I am in possession of a special piece of history, a genuine Lysander Spooner small eagle issue stampthat was never used. The _small eagle issue_ stamp is the original Spooner created while he owned the company to combat the U.S. monopoly on the postal service, the latter larger eagle was created after he sold the company and is of less value. To my knowledge this stamp has never been used, there are no strike thru marks on it... I am no expert, but it was not attached to a letter when I bought it and it doesn't appear to be cut out.

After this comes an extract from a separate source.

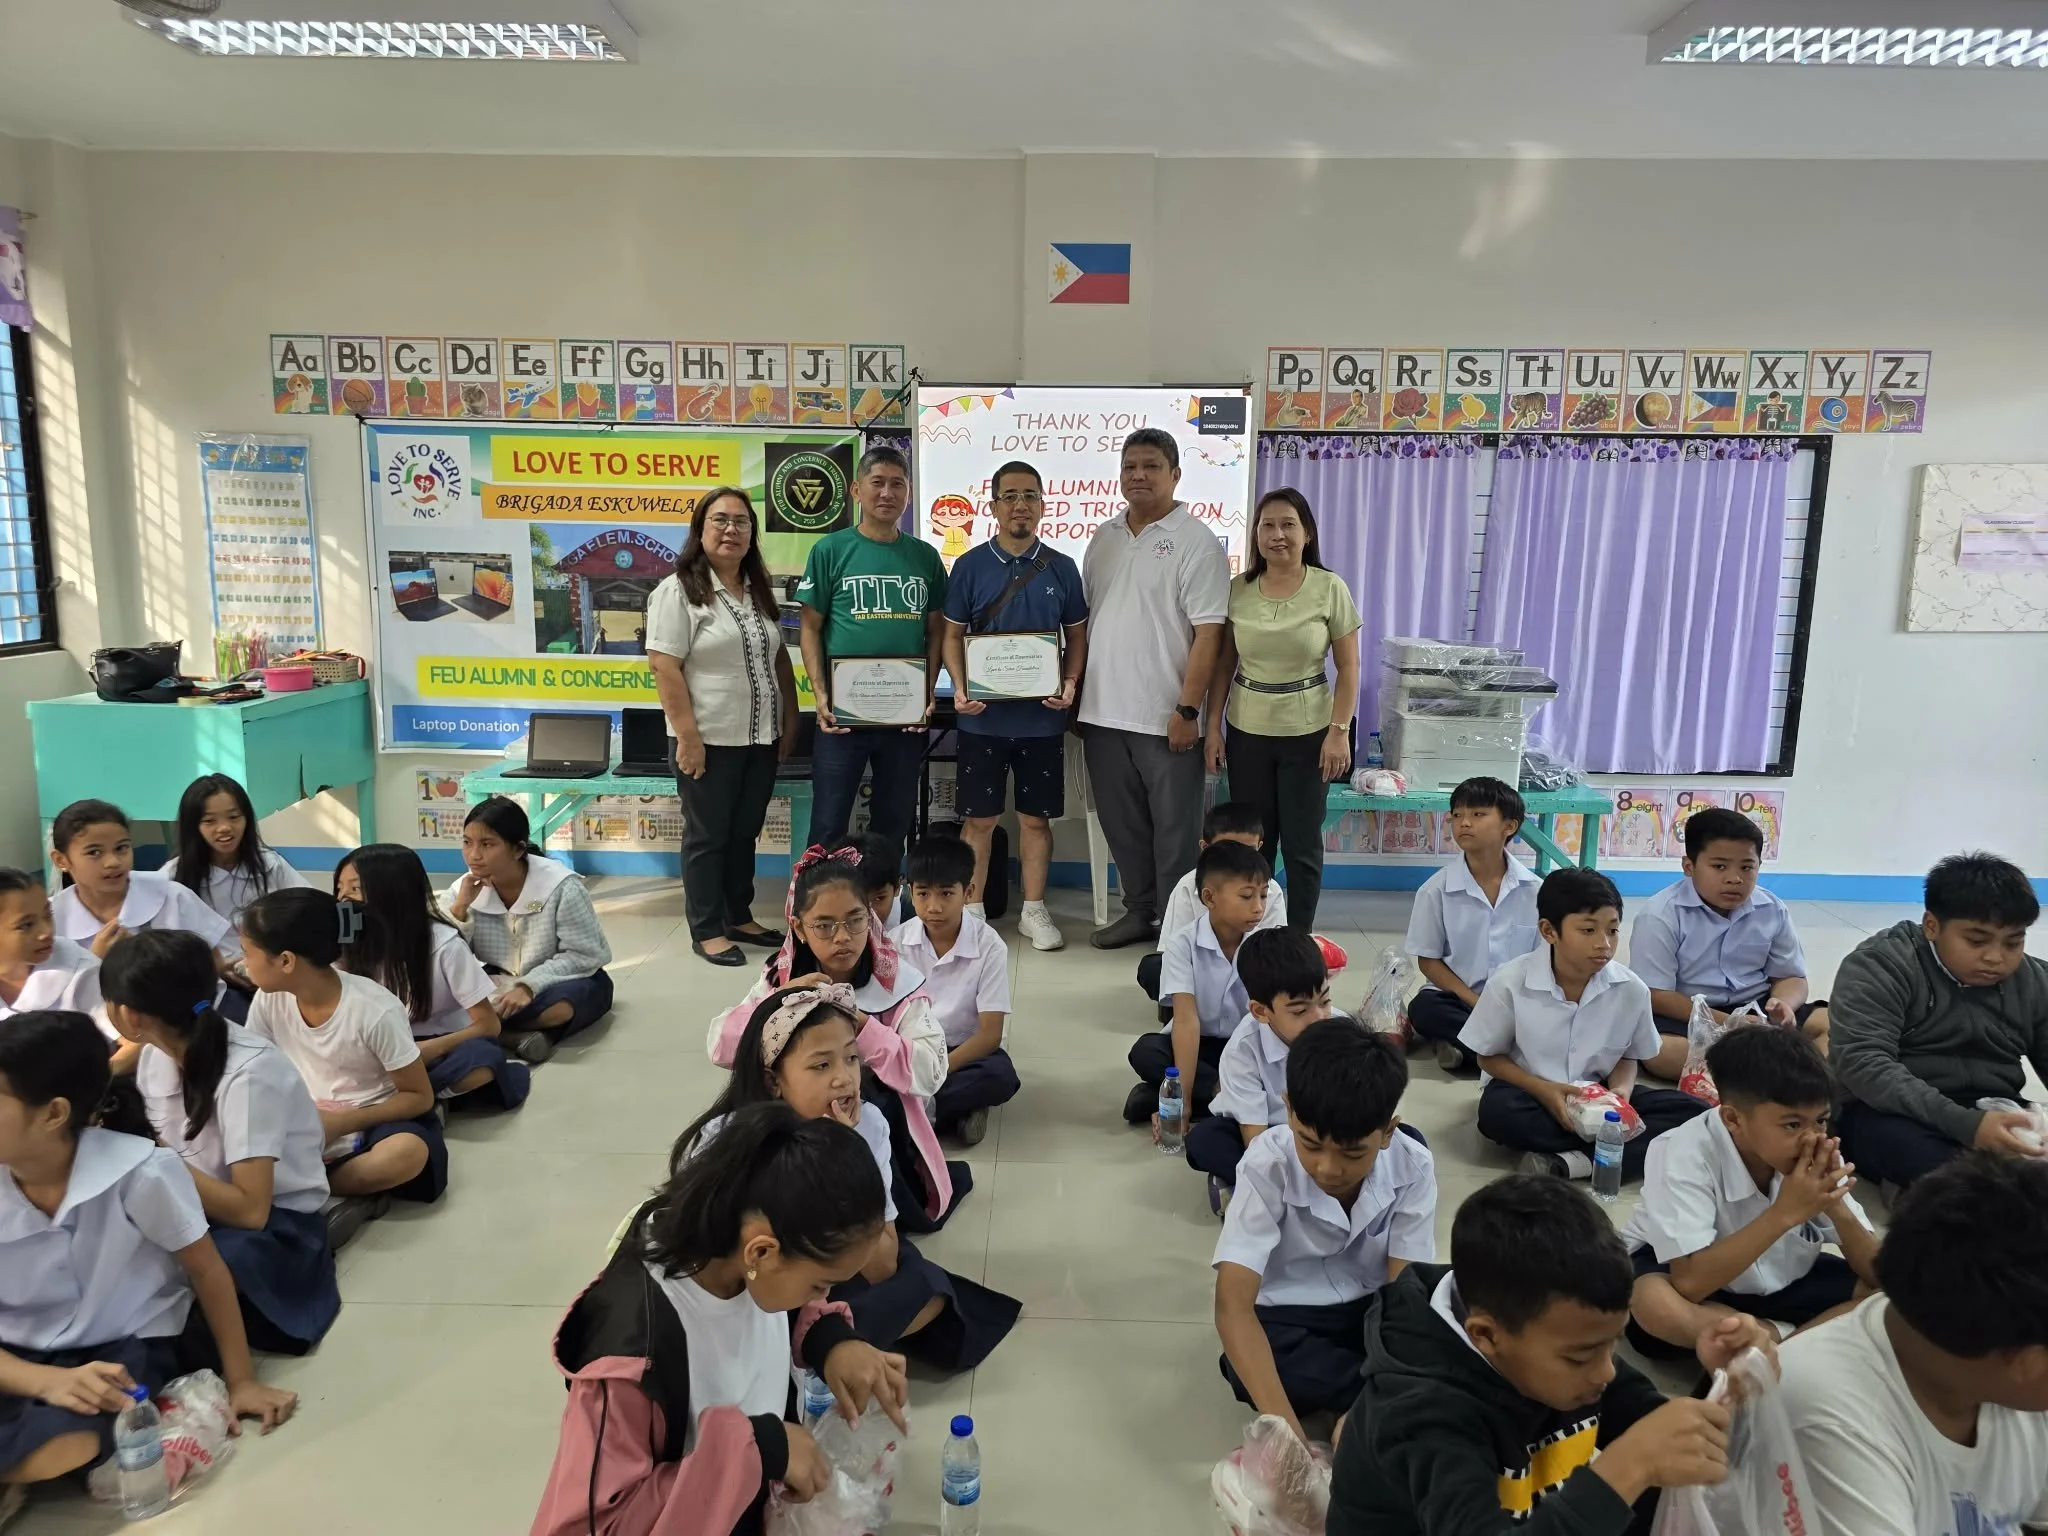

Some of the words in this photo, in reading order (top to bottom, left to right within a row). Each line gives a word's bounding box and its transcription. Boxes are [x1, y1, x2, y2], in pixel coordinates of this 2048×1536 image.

From the research I've done and the amount I paid for it, it is a pretty sought after and expensive stamp, see here:

http://stampauctionnetwork.com/y/y9658.cfm

But I expect its value to only increase as people become more aware of who Spooner was and his historical influence increases. With that said, I am willing to part with it if someone offers enough because I am in need of money, if anyone on here is interested. I will post a photo when I have more time.

----------


## nayjevin

whoa

----------


## kcchiefs6465

Did you have an idea of what you wanted for it?

----------


## oyarde

> I am in possession of a special piece of history, a genuine Lysander Spooner small eagle issue stampthat was never used. The _small eagle issue_ stamp is the original Spooner created while he owned the company to combat the U.S. monopoly on the postal service, the latter larger eagle was created after he sold the company and is of less value. To my knowledge this stamp has never been used, there are no strike thru marks on it... I am no expert, but it was not attached to a letter when I bought it and it doesn't appear to be cut out.
> 
> From the research I've done and the amount I paid for it, it is a pretty sought after and expensive stamp, see here:
> 
> http://stampauctionnetwork.com/y/y9658.cfm
> 
> But I expect its value to only increase as people become more aware of who Spooner was and his historical influence increases. With that said, I am willing to part with it if someone offers enough because I am in need of money, if anyone on here is interested. I will post a photo when I have more time.


I do not know much about stamps , but if you sell it I would be interested in what the price was.I have a stamp collection I would like to get appraised some time .

----------